On Feb 12, 2008, at 12:35 PM, Brian Gregory wrote:


Ok, this might clear things up a bit:

yup:-)


// This needs to happen when a connection is pulled from the pool
// and before the connection is used.
// The "<username>" could be pulled from the GeronimoUserPrincipal()
//      in the current session (?) if available

java.util.Properties prop = new java.util.Properties();
prop.put(OracleConnection.PROXY_USER_NAME, "<username>");
((OracleConnection)conn).openProxySession (OracleConnection.PROXYTYPE_USER_NAME,
prop);

// This nees to happen when a connection is returned to the pool

((OracleConnection)conn).close(OracleConnection.PROXY_SESSION);

And that's pretty much it. The LoginModule for the security realm is pretty much a standard JDBC Realm (with a little code to calculate Oracle password
hashes) that populates the GeronimoUserPrincipal() and
GeronimoGroupPrincipal(). The "proxy" part is just a way to let oracle know
who the "real" user is for the audit trail and any user-bound security
policies.

So....

every oracle connection will be created using a fixed user/pw combination you configure somewhere, and in addition the actual user's username will be used to set up the proxy session?

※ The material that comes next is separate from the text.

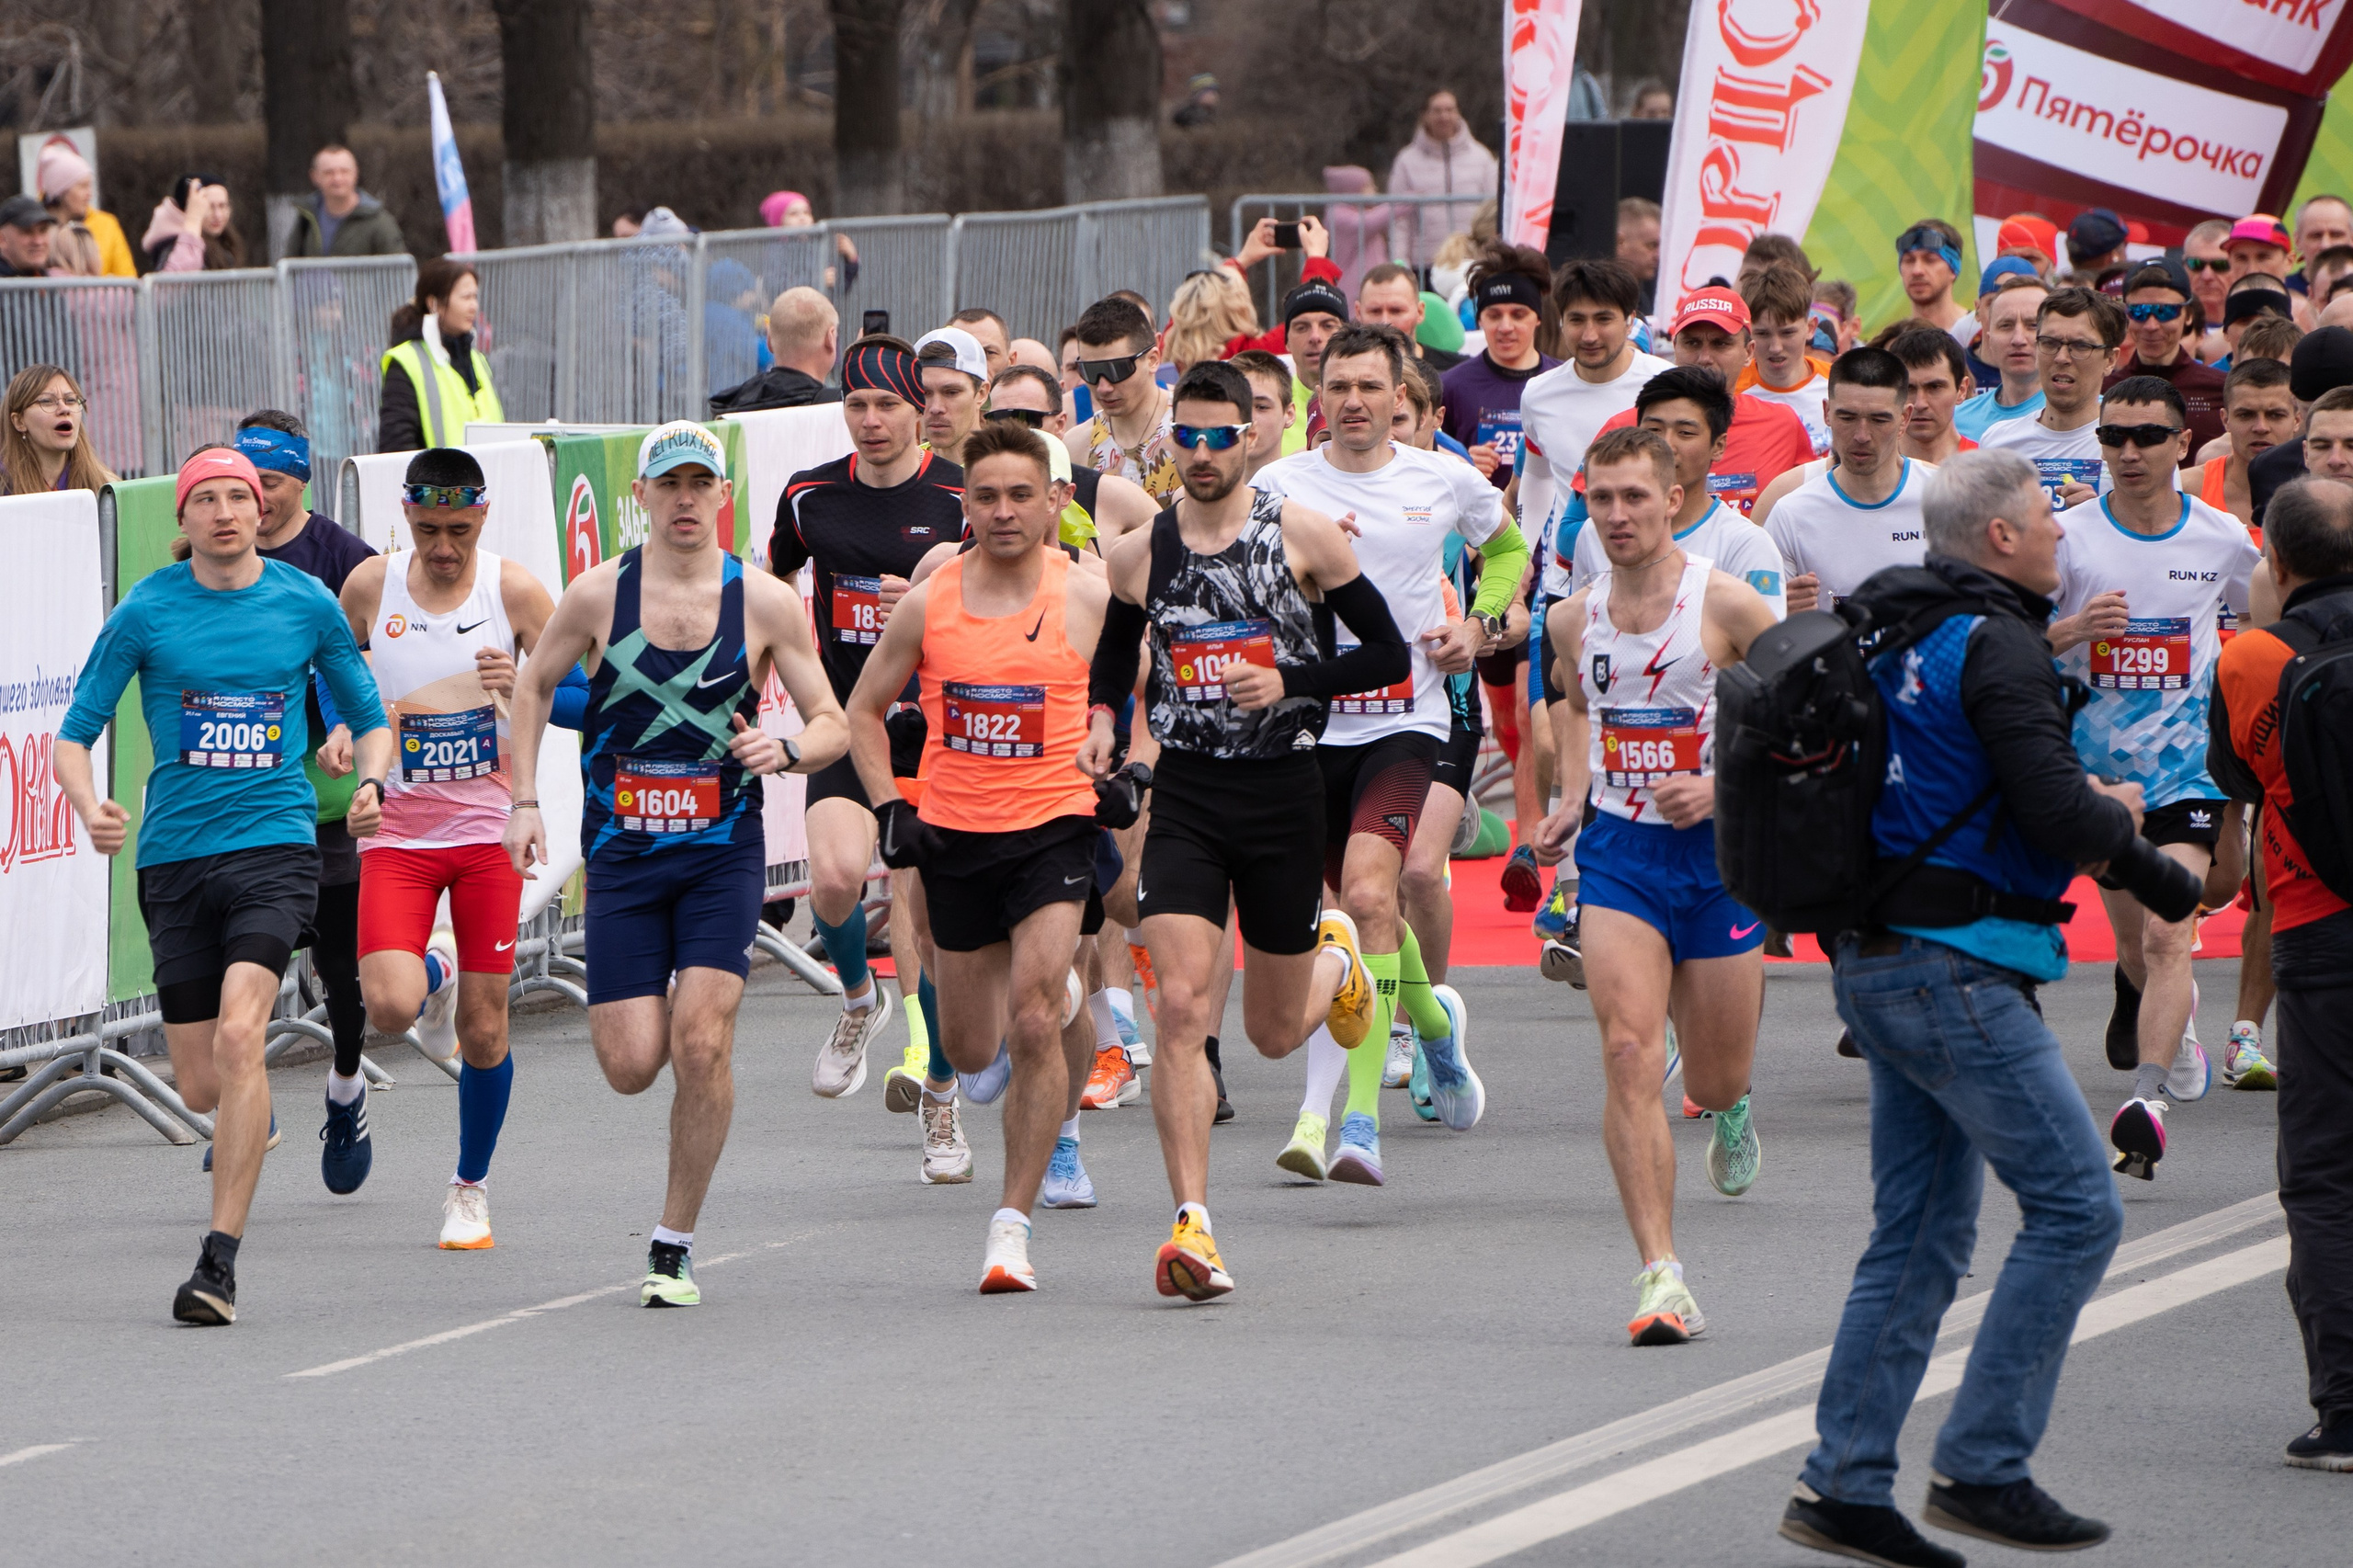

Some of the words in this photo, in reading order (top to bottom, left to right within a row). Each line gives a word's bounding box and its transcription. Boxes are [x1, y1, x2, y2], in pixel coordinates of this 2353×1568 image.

I looked into this a bit more and don't think there's a way to write a app server independent connector that can deal with this. I think what you can do is:

leave your login module setup alone
specify container-manage-security in your connector  plan

modify the tranql oracle wrapper so that in the MCFs:

add a method to set up the oracle proxy session given the Subject (from which you extract the GeronimoUserPrincipal) and the physical connection

 you override:

createManagedConnection
by copying the superclass code and calling the openProxySession method after getting the physical connection and creating your own ManagedConnection implementation (see below)

and

matchManagedConnections
by calling super and then calling the openProxySession method.

(the base methods are in AbstractLocalDataSourceMCF and AbstractXADataSourceMCF)

You also need to override the ManagedConnection implementations so that the cleanup() method can end the oracle proxy session.

Hope this is enough of a hint.... feel free to ask for more info.

Maybe we'd could add a tranql login module that set up an oracle specific principal to transfer the user name? Then we could include this work in tranql and it wouldn't really be tied to geronimo.

thanks
david jencks





Note from before: RARs ah. That's a new one for me. Learning curves are a bitch sometimes. And I'm still trying to catch up with learning maven (and
the 6 million things it does). As you can probably tell, geronimo is a
pretty new beast to me too.

No problem about the help, I've got to work through it anyway.